The Quietened Bunker is an exploration of the abandoned and/or decommissioned Cold War installations which lie under the land and that would have acted as selectively populated refuges/control centres if the button was ever pushed; a study and reflection on these chimeric bulwarks and the faded but still present memory of associated Cold War dread, of which they are stalwart, mouldering symbols.

Track list:
1) Lower Level Clock Room – Keith Seatman
2) Drakelow Tunnels – Grey Frequency
3) The Filter’s Gone / The Last Man Plays The Last Piano – A Year In The Country
4) Aggregates II – Panabrite
5) Bunker 4: Decommissioned – Polypores
6) Comms: Seen Through The Grey – Listening Center
7) Crafty Mechanics – Time Attendant
8) Crush Depth – Unknown Heretic
9) Waiting For The Blazing Skies – David Colohan

This is another quality collection in distinctive black-and-white packaging that will be of immediate interest to anyone who enjoys the releases on the Ghost Box label (Listening Center are already Ghost Box artists): spectral pianos, shortwave radios, ambient chords.
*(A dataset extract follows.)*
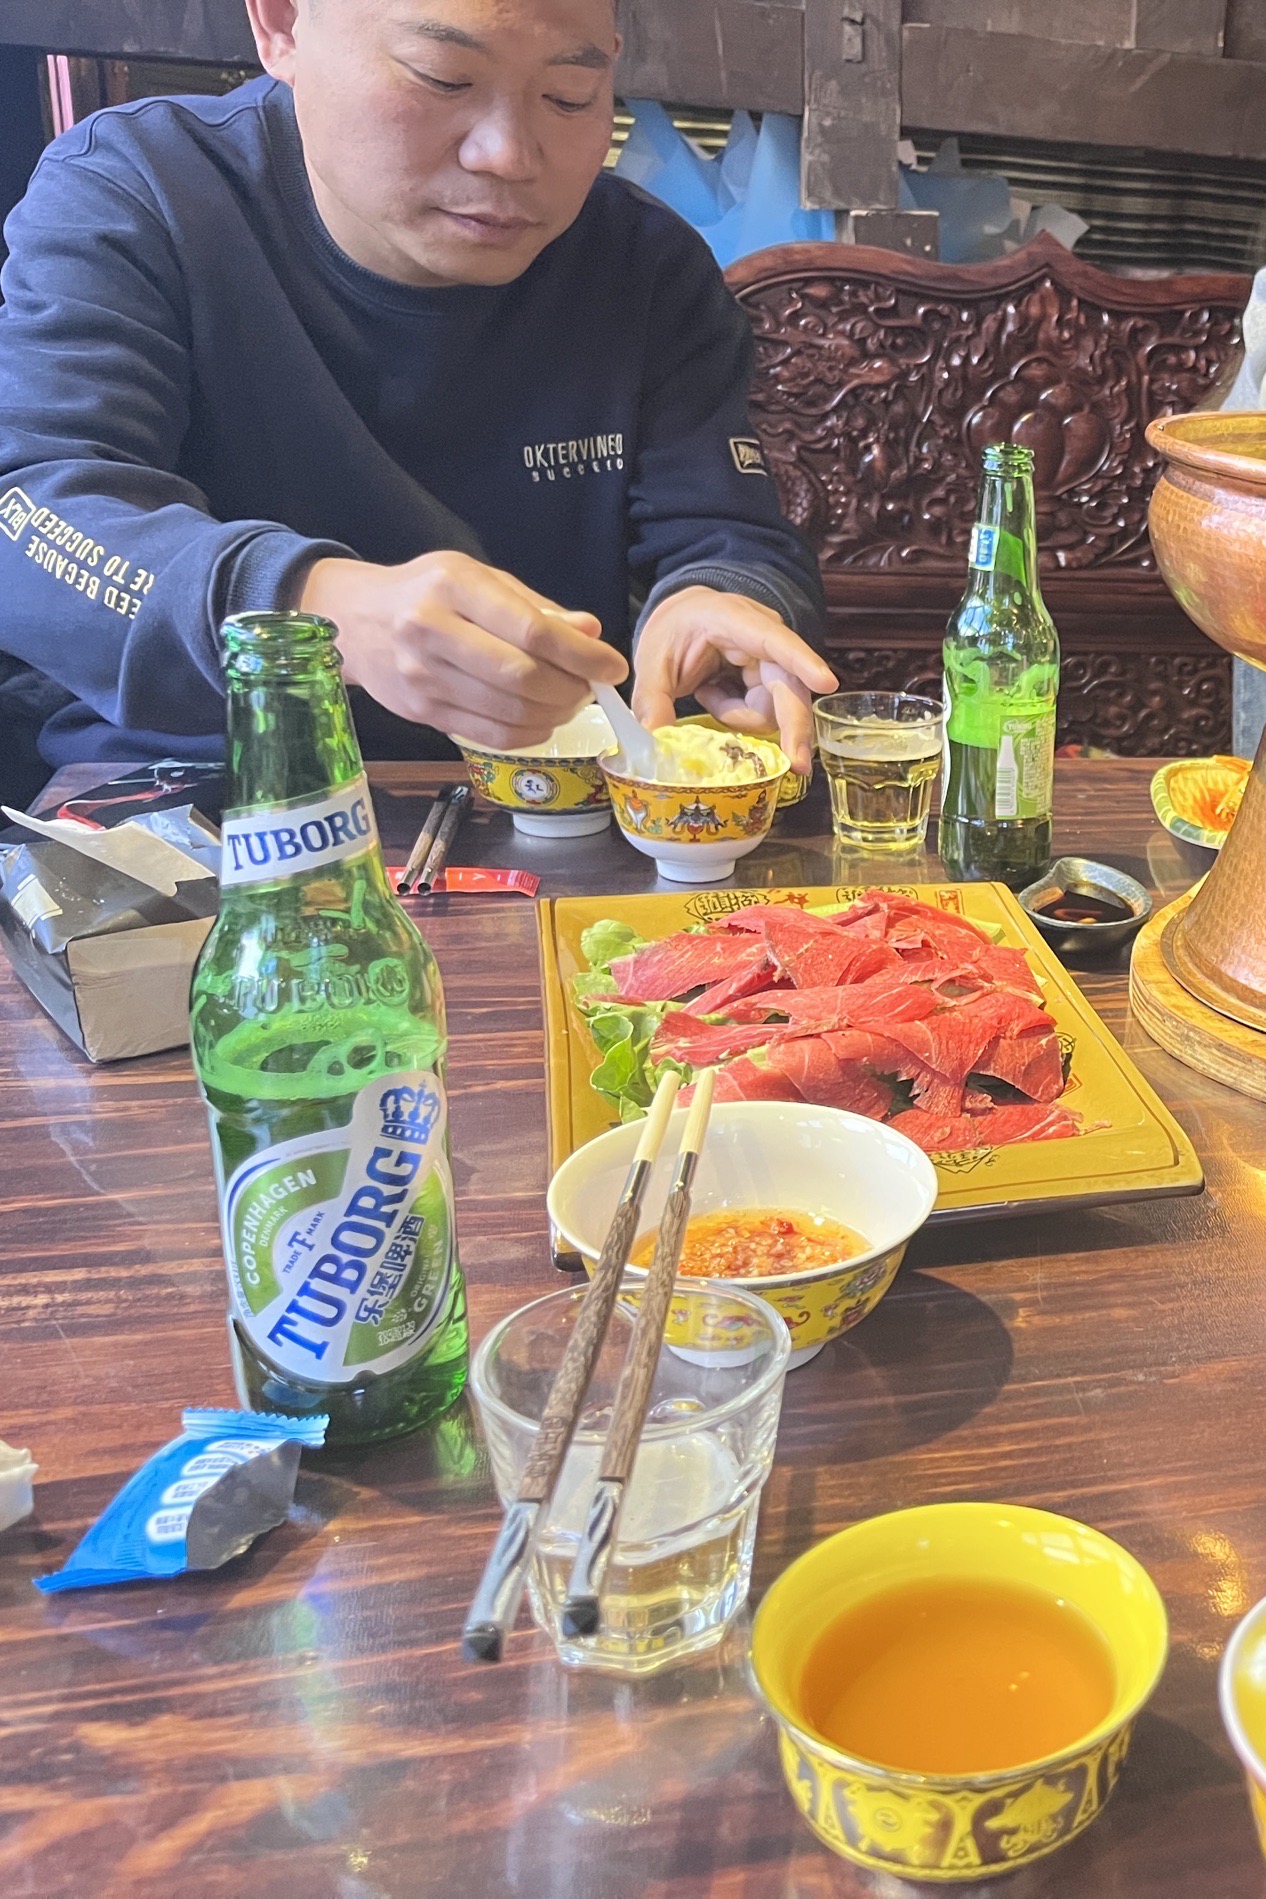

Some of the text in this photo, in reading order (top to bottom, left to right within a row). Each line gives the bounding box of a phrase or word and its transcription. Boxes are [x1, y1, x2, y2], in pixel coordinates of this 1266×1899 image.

The bunker theme connects to shared concerns among related artists with the old Civil Defence films, samples of which have been used on releases by The Advisory Circle and Mordant Music. The Cold War bunker is more than another empty space, it joins the bio-weapons lab (see The Satan Bug) as a source of contemporary horror that doesn’t require any supernatural component to chill the blood.